== WORK REQUEST ==
The records that follow must be repeated exactly, except for their pictures.

== MATERIALS PROVIDED ==
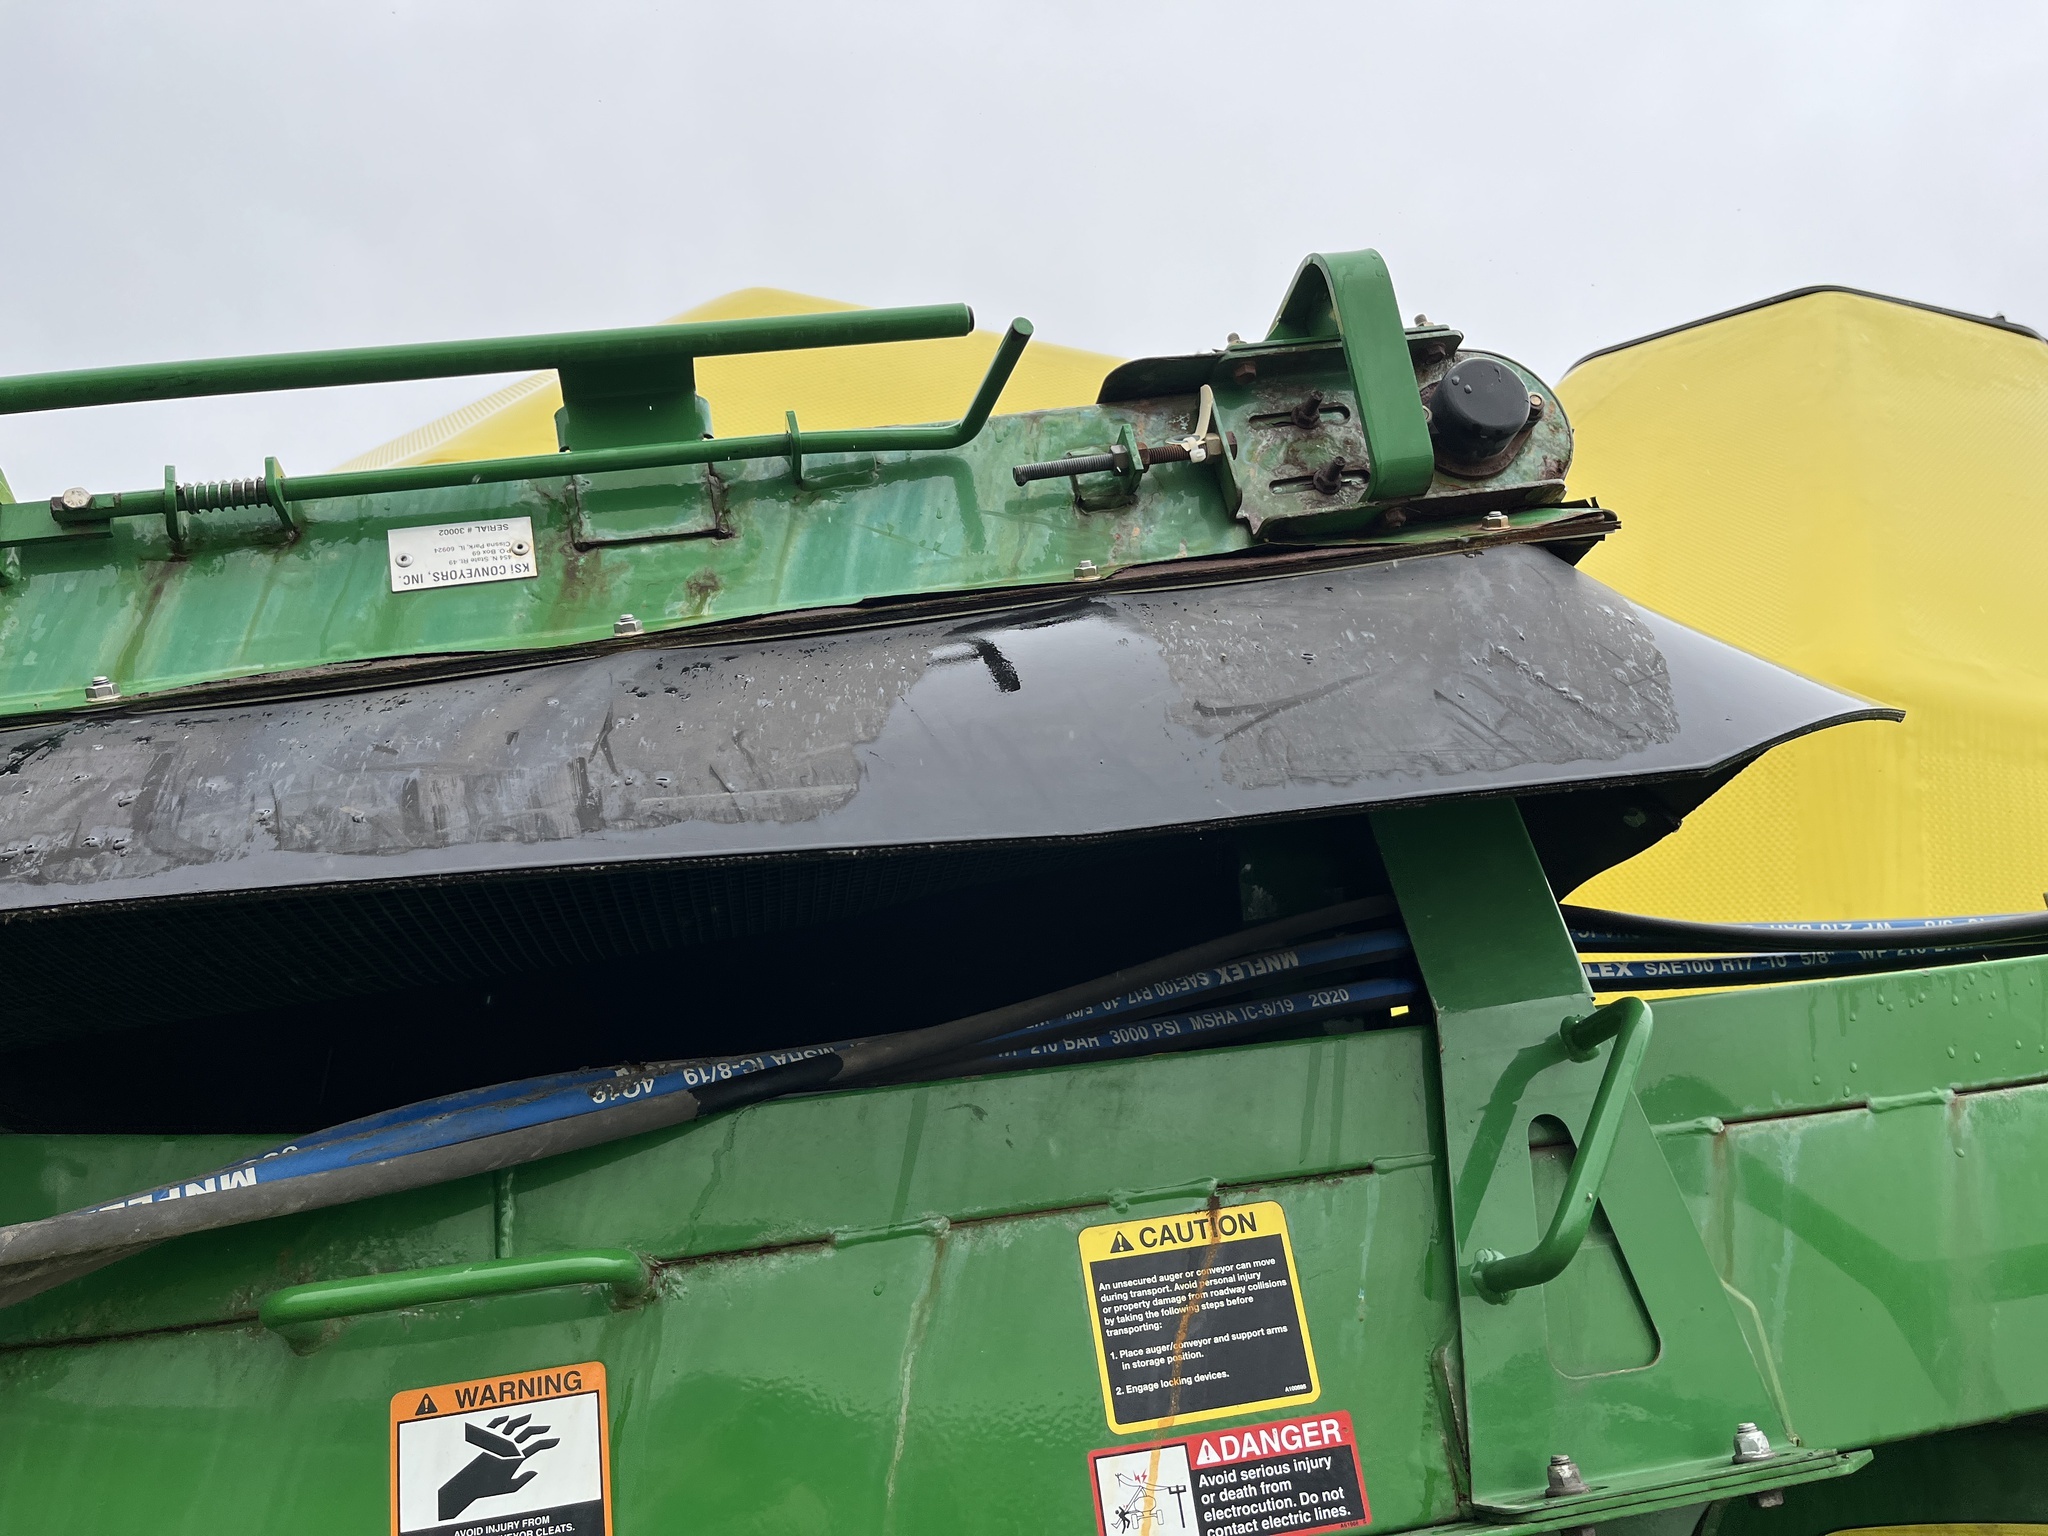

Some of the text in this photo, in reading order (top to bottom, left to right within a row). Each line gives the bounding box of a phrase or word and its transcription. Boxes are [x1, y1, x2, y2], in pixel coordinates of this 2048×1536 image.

[438, 528, 465, 536] 30002
[475, 524, 509, 532] SERIAL
[399, 563, 530, 586] KSi CONVEYORS, INC.
[1214, 951, 1298, 984] MNFLEX
[1644, 959, 1714, 976] SAE100
[1720, 956, 1751, 972] R17
[1128, 987, 1153, 1004] R17
[1154, 972, 1210, 997] SAE100
[1109, 1026, 1149, 1044] 3000
[1154, 1020, 1180, 1038] PSI
[1188, 1010, 1238, 1030] MSHA
[1240, 999, 1294, 1021] IC-8/19
[1308, 988, 1350, 1008] 2Q20
[682, 1057, 766, 1086] IC-8/19
[1139, 1212, 1258, 1248] CAUTION
[1098, 1258, 1276, 1292] An unsecured auger or conveyor can move
[1100, 1271, 1261, 1302] during transport. Avoid personal injury
[1102, 1278, 1287, 1314] or property damage from roadway collisions
[1104, 1295, 1254, 1326] by taking the following steps before
[1106, 1322, 1162, 1337] transporting:
[1110, 1325, 1288, 1360] 1. Place auger/conveyor and support arms
[1122, 1351, 1204, 1370] in storage position.
[455, 1370, 582, 1409] WARNING
[1116, 1371, 1230, 1396] 2. Engage locking devices.
[1219, 1418, 1342, 1461] DANGER
[1199, 1456, 1331, 1488] Avoid serious injury
[1201, 1480, 1292, 1505] or death from
[1204, 1486, 1344, 1522] electrocution. Do not
[454, 1526, 483, 1536] AVOID
[486, 1521, 520, 1534] INJURY
[522, 1515, 550, 1528] FROM
[535, 1523, 575, 1536] CLEATS.
[1207, 1505, 1351, 1536] contact electric lines.

== EXERCISE SOLUTION ==
Some of the text in this photo, in reading order (top to bottom, left to right within a row). Each line gives the bounding box of a phrase or word and its transcription. Boxes are [x1, y1, x2, y2], in pixel coordinates of this 2048×1536 image.

[438, 528, 465, 536] 30002
[475, 524, 509, 532] SERIAL
[399, 563, 530, 586] KSi CONVEYORS, INC.
[1214, 951, 1298, 984] MNFLEX
[1644, 959, 1714, 976] SAE100
[1720, 956, 1751, 972] R17
[1128, 987, 1153, 1004] R17
[1154, 972, 1210, 997] SAE100
[1109, 1026, 1149, 1044] 3000
[1154, 1020, 1180, 1038] PSI
[1188, 1010, 1238, 1030] MSHA
[1240, 999, 1294, 1021] IC-8/19
[1308, 988, 1350, 1008] 2Q20
[682, 1057, 766, 1086] IC-8/19
[1139, 1212, 1258, 1248] CAUTION
[1098, 1258, 1276, 1292] An unsecured auger or conveyor can move
[1100, 1271, 1261, 1302] during transport. Avoid personal injury
[1102, 1278, 1287, 1314] or property damage from roadway collisions
[1104, 1295, 1254, 1326] by taking the following steps before
[1106, 1322, 1162, 1337] transporting:
[1110, 1325, 1288, 1360] 1. Place auger/conveyor and support arms
[1122, 1351, 1204, 1370] in storage position.
[455, 1370, 582, 1409] WARNING
[1116, 1371, 1230, 1396] 2. Engage locking devices.
[1219, 1418, 1342, 1461] DANGER
[1199, 1456, 1331, 1488] Avoid serious injury
[1201, 1480, 1292, 1505] or death from
[1204, 1486, 1344, 1522] electrocution. Do not
[454, 1526, 483, 1536] AVOID
[486, 1521, 520, 1534] INJURY
[522, 1515, 550, 1528] FROM
[535, 1523, 575, 1536] CLEATS.
[1207, 1505, 1351, 1536] contact electric lines.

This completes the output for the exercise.